If you run out of stuff to do go see our buddy Murph.. tell him Pat and Rich from Canada sent ya 

http://www.nashvilleprohammond.com/

Oh I actually bought a guitar from Grunns.... in the late 70's


----------



## mhammer (Nov 30, 2007)

So, a stroll down Broadway on a Sunday night reveals no less talent that a Friday or Saturday would. Went to several clubs, some with multiple bands playing for tips at opposite ends of the club, all of the clubs lined with autographed b&w glossies of country music legends. I was reminded of the old Lovin' Spoonful tune "Nashville Cats":

"Well, there's thirteen hundred and fifty two
Guitar pickers in Nashville
And they can pick more notes than the number of ants
On a Tennessee anthill
Yeah, there's thirteen hundred and fifty two
Guitar cases in Nashville
And any one that unpacks his guitar could play
Twice as better than I will"

Well, they might not all play "clean as country water" anymore, and I think the 1352 estimate is a little on the low side, but the "twice as better than I will" sure holds up me. Although many of the publicity signs one sees around for "Music City" will have a Les Paul in the photo - after all, Gibsons are made here, so local signs support local businesses - Teles seem to be the weapon of choice. In one of last night's club visits, the band at one end had a guy doing wonders on a Joe Glaser-style 3-pickup Tele, and the other end had a guy with some form of B-bender on his, with a Rat and a Timmy on his pedalboard. 

Visited the home of an old acquaintance yesterday who had a jawdropping array of amps and guitars, some 4 or 5 Strats that I could count, all over 45 years old, one of them a '56 or 57 with a V neck, a 62 Jaguar, a Rickenbacker 12, buncha prewar Martins, with many parlour and smaller-sized bodies, FOUR Fender reverb units, blackface everything (Twin, Vibrolux, Princeton, Super, Deluxe, etc), two Vibratone cabs, and a number of all-original tweeds, including a venerable 5E3 that was actually the only amp I tried.

The guy has spent his academic career studying human attention and the development of automaticity (stuff you can "pay attention to" unconsciously), and in an interesting twist has gotten interested in the psychology of guitar playing, and how people mentally process what they do on the fretboard, both as learners and as experts.
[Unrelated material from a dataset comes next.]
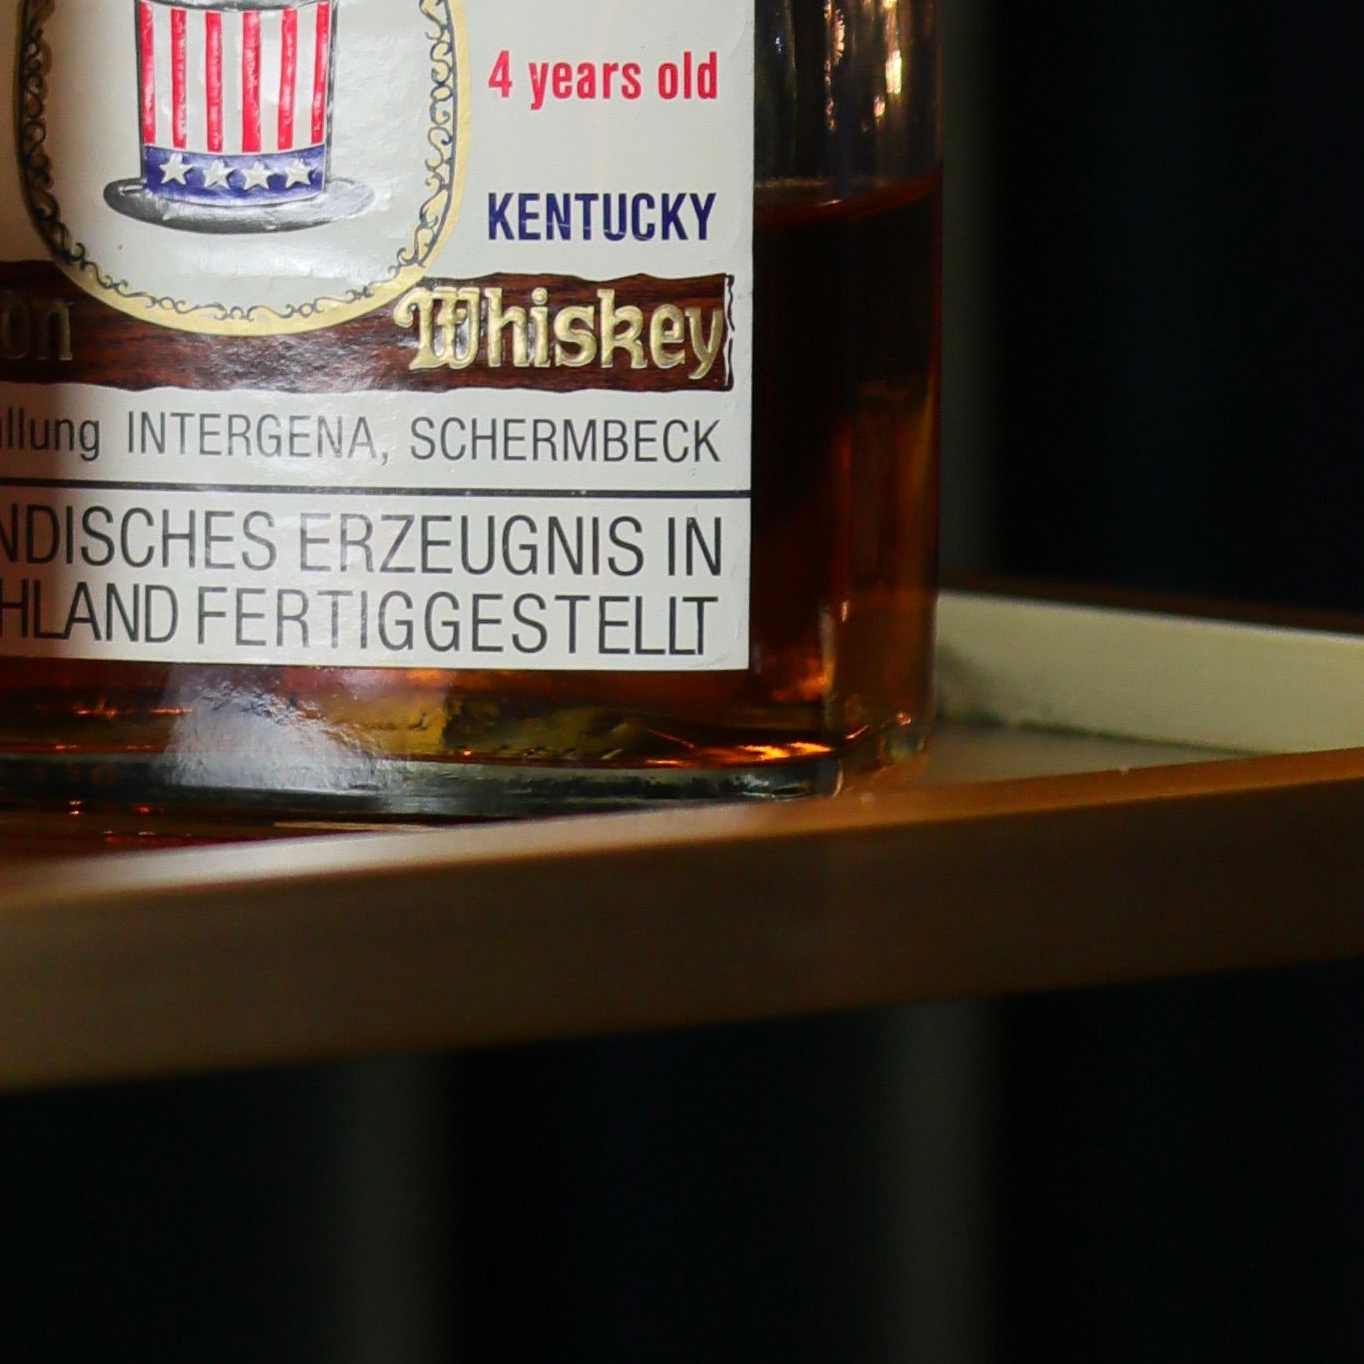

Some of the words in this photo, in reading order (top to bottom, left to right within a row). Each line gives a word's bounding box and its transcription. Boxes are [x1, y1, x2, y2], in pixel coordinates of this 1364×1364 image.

In what has to be one of the most fabulous meetings of science and music I've ever seen, Gibson just gave him him three LP Jrs to use for his research. (which we also played). Very odd finish. The usual slab bodies but finished entirely in a thin black semigloss, with a black dog-eared P90 and black pickguard.

You may THINK you know the meaning of the word "envy", but I swear to you that if you look it up in the dictionary you will see my slack-jawed face right about now.

More tomorrow.


----------



## bagpipe (Sep 19, 2006)

Can we have the next Ottawa Tonefest at his place ? :smile:



mhammer said:


> Visited the home of an old acquaintance yesterday who had a jawdropping array of amps and guitars, some 4 or 5 Strats that I could count, all over 45 years old, one of them a '56 or 57 with a V neck, a 62 Jaguar, a Rickenbacker 12, buncha prewar Martins, with many parlour and smaller-sized bodies, FOUR Fender reverb units, blackface everything (Twin, Vibrolux, Princeton, Super, Deluxe, etc), two Vibratone cabs, and a number of all-original tweeds, including a venerable 5E3 that was actually the only amp I tried.


----------



## Stonesy (Oct 7, 2008)

Need Pics

Get a disposable camera if ya have too!


----------



## mhammer (Nov 30, 2007)

The camera is working. Lotsa pix. Yesterday's visit to Gruhn's was amazing. Met with George and got taken up to the upper floor where the high end customers go for the 5 and 6 figures pieces. Their website has nice photos of the individual pieces, but I'll show you what it feels like to look at a row...a whole freaking ROW...of vintage goldtops and another row of D'Angelicos. Much to my pleasure George suggested going out for lunch, so we're doing lunch today. And tomorrow I meet the Visual Sound gang for lunch, tour and chat.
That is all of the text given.